Most commercial vendors won't give you their entire product for free until your own product is half-built. Qt is different; they offer an entire free product. You want to have your cake and eat it too.
The license for prototyping seems to be the same one for release. And Qt isn't offering me a free product, their terms are pay then develop your software. At least in my context.
In any event the only issue is the weird quirk of the Qt commercial license preventing you from switching to commercial from LGPL. Which I and apparently a few other people in the thread really didn't get at first.
> The license for prototyping seems to be the same one for release. And Qt isn't offering me a free product, their terms are pay then develop your software. At least in my context.
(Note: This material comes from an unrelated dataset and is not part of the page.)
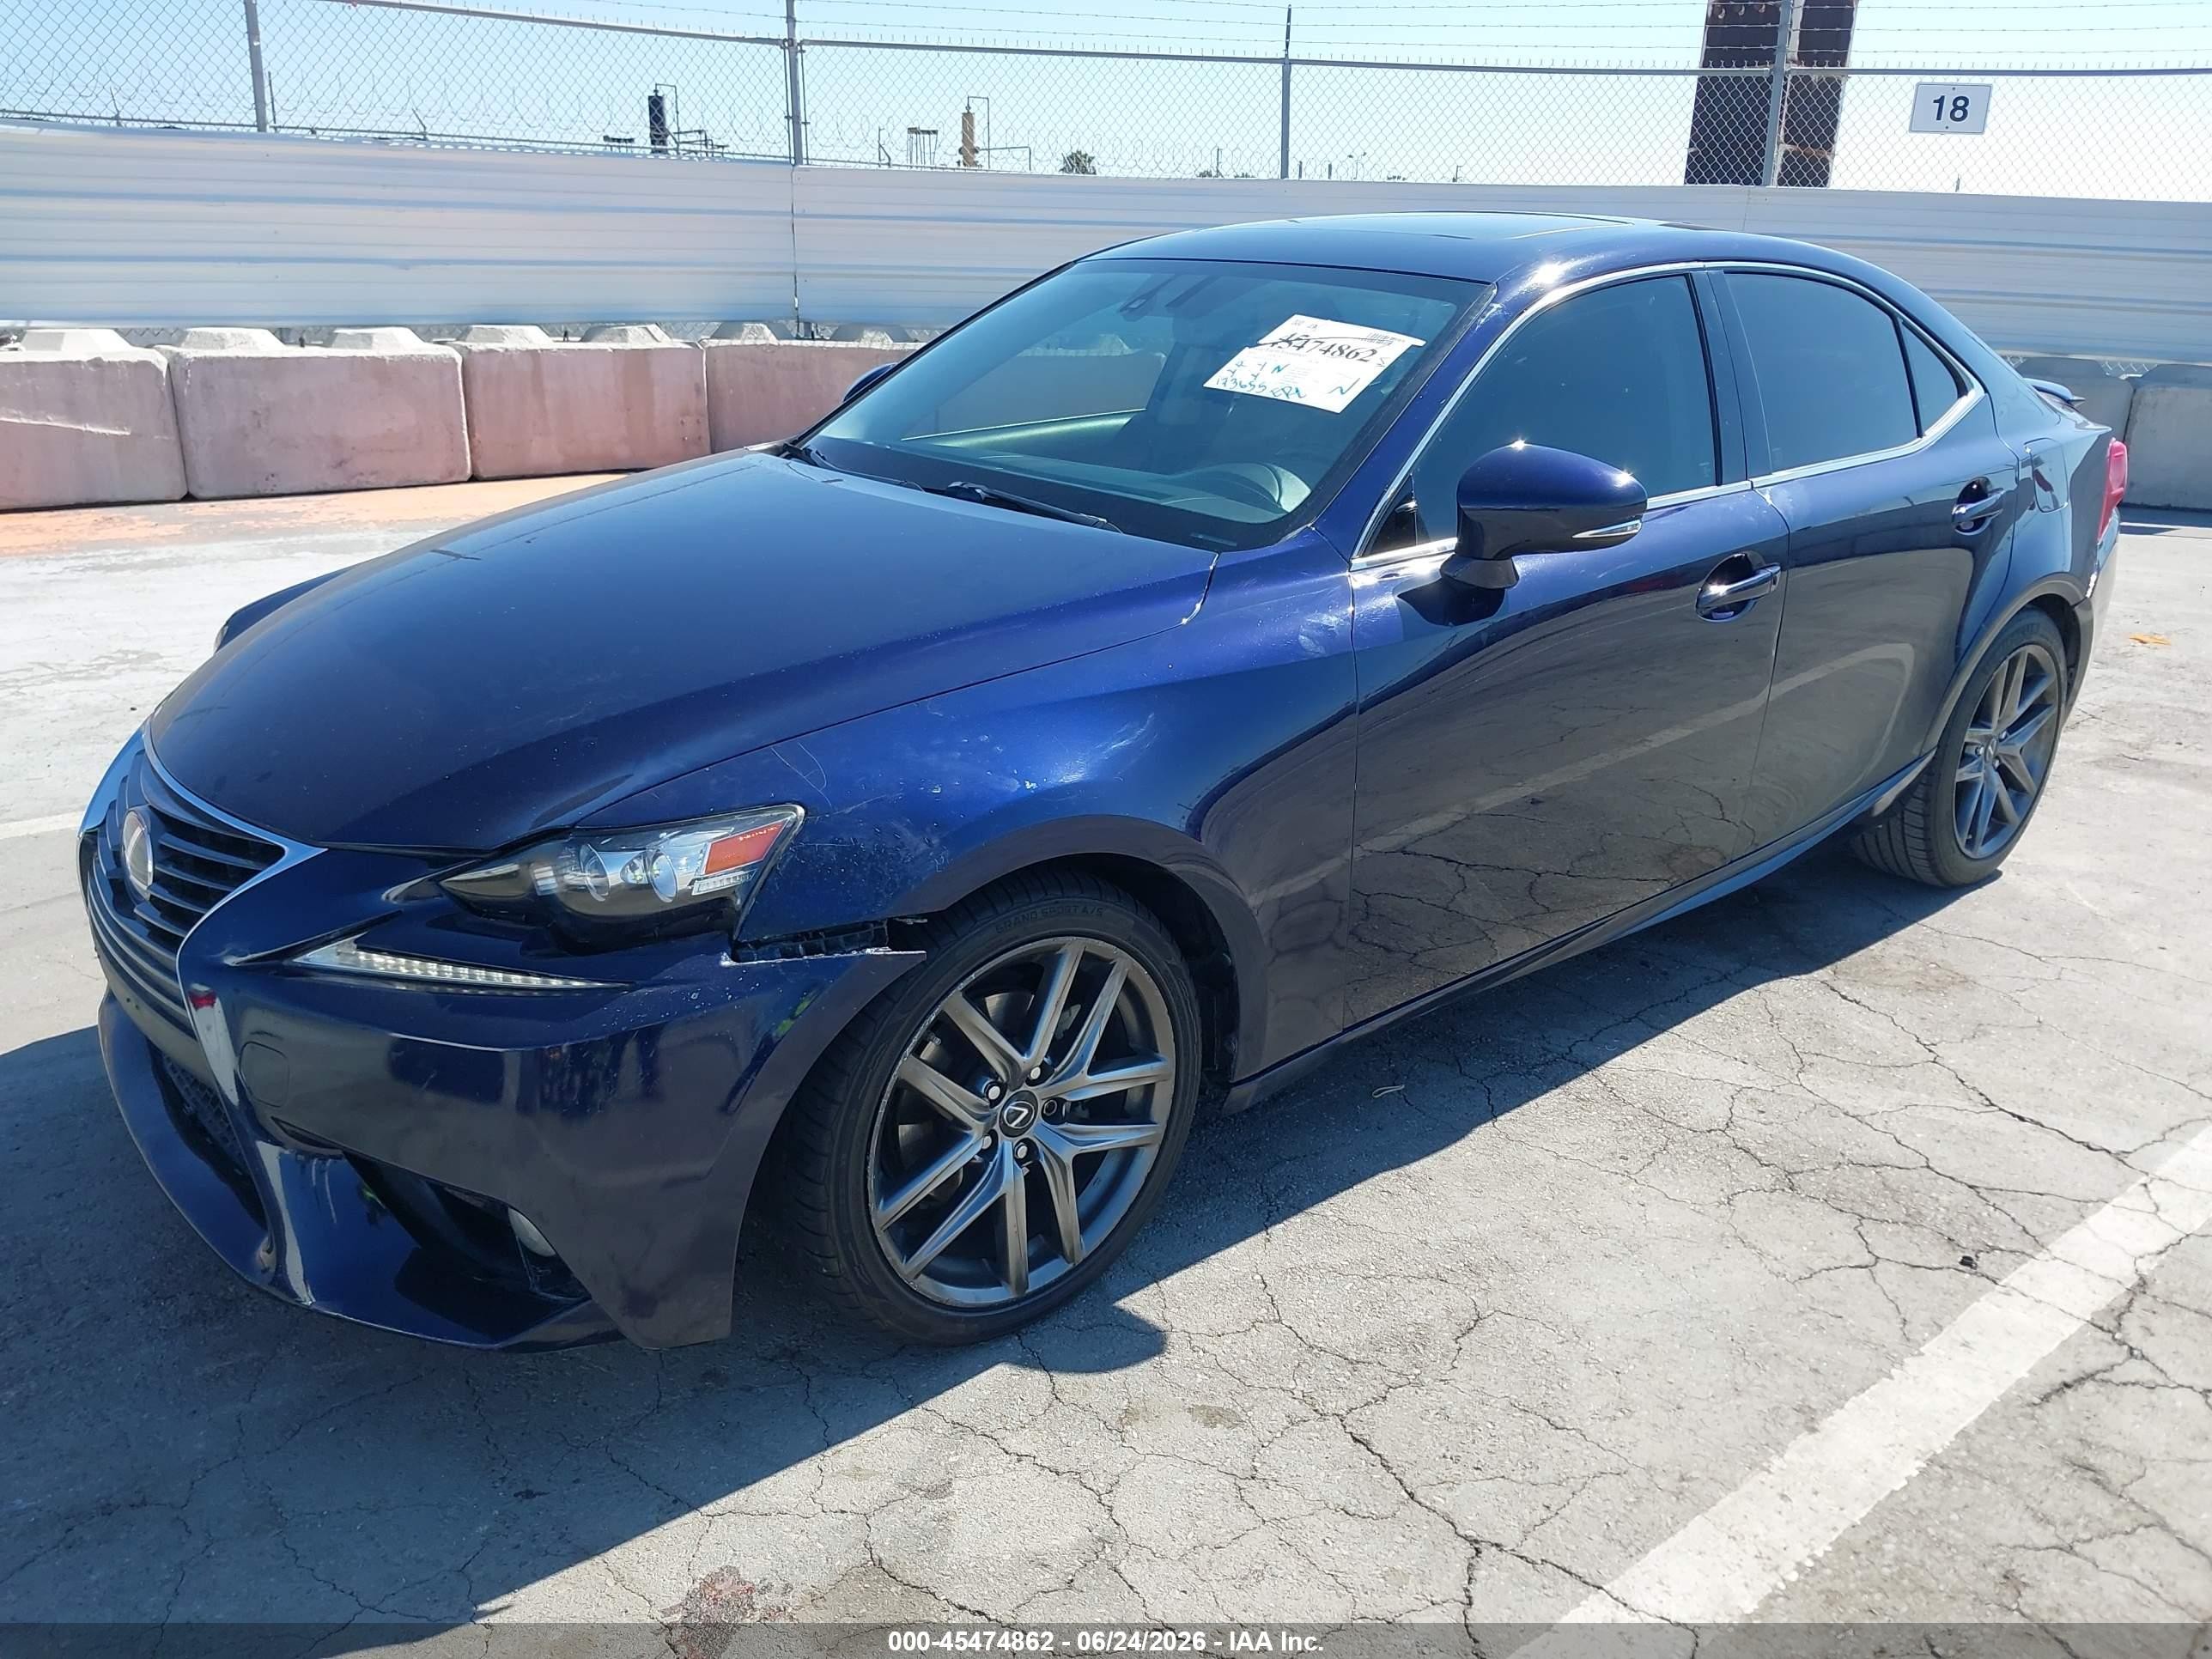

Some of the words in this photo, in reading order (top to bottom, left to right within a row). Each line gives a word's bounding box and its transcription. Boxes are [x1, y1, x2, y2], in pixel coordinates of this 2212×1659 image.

[1933, 95, 1970, 122] 18
[995, 911, 1038, 933] GRAND
[1041, 906, 1079, 916] SPORT
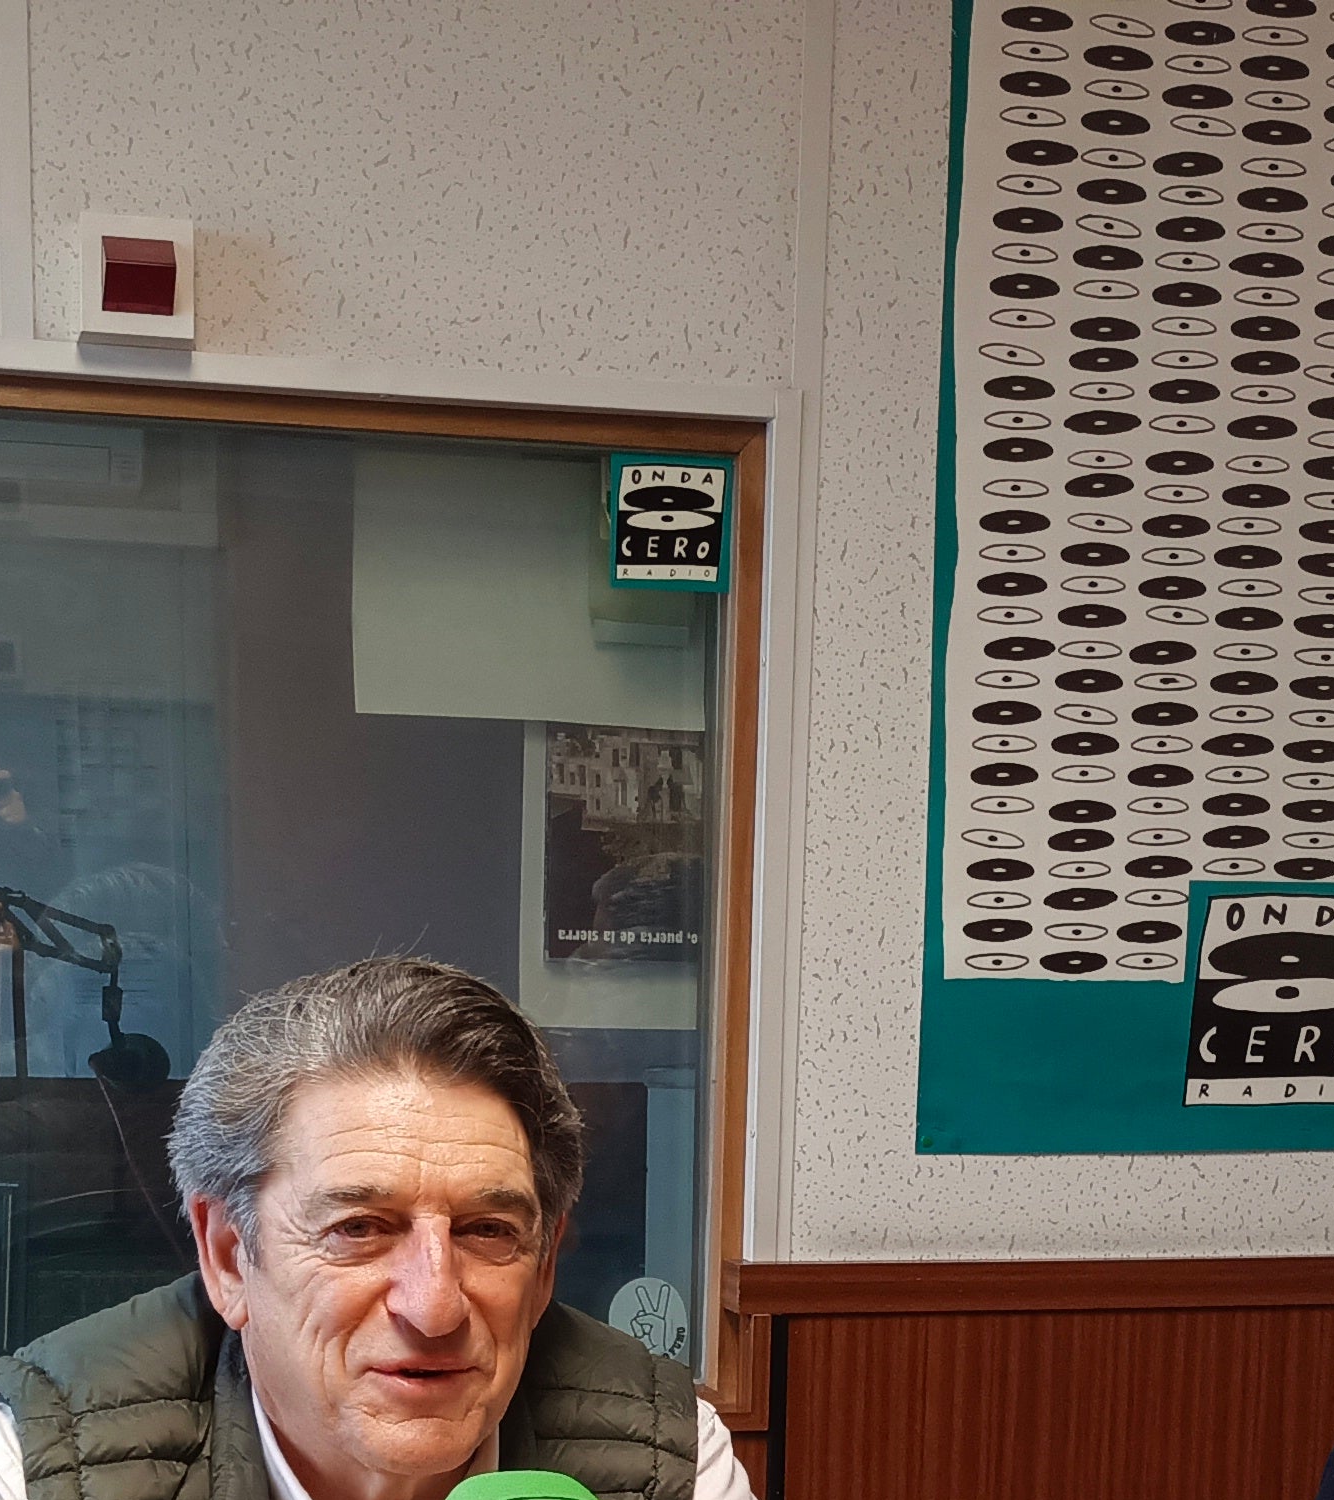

Their standard Qt for Application Development license gives you a free 30 day evaluation period. Also, I don't think any of this encompasses simply examining the free product without use in product development, e.g., reading the APIs, documentation, and source code. That's a lot of freebies, that you don't necessarily get with other commercial products.
> In any event the only issue is the weird quirk of the Qt commercial license preventing you from switching to commercial from LGPL. Which I and apparently a few other people in the thread really didn't get at first.
There's no weird quirk. As they state, "If you have already started the development with an open-source version of Qt, please contact The Qt Company to resolve the issue." If you have money, they will take your money. But if you want to develop a commercial product and use Qt up front then you have to budget for it. If you can't afford it then use something else. No one is holding a gun to your head forcing you to develop a proprietary product with Qt.
> Why do many enterprise software companies offer free (or low cost) trials then?
So does Qt. So much so in fact, they even offer an entire free product; evaluate it all you want. Just don't use it to build a commercial product while paying zero dollars and then come back when it's half-built and expect to dictate pricing terms after the fact.
> Does the company that you work for (or yours if you're a founder) take the same "take it or leave it" attitude towards potential customers?
I'm not going to talk about my work here. I'm writing on my anonymous behalf only. I've worked at places that were more or less liberal with evaluations and more or less tolerant of tiny accounts. I have never worked somewhere that salespeople loved customers who wasted their time asking for freebies and handouts with illusory promises of future money that never seems to materialize.
No, they don't. Not in any meaningful sense. They're offering to let you evaluate a bed, so long as your evaluation doesn't include sleeping on it.
> expect to dictate pricing terms after the fact
Excuse me, but who here has said a single thing about the customer dictating terms? Not a single person.
> I'm not going to talk about my work here.
The question was rhetorical, thanks.
> who wasted their time asking for freebies and handouts
No one is asking for either a hand-out or freebie. Potential Customers are asking to evaluate a product before paying for licenses THAT THEY MIGHT NOT USE. That is not un-reasonable.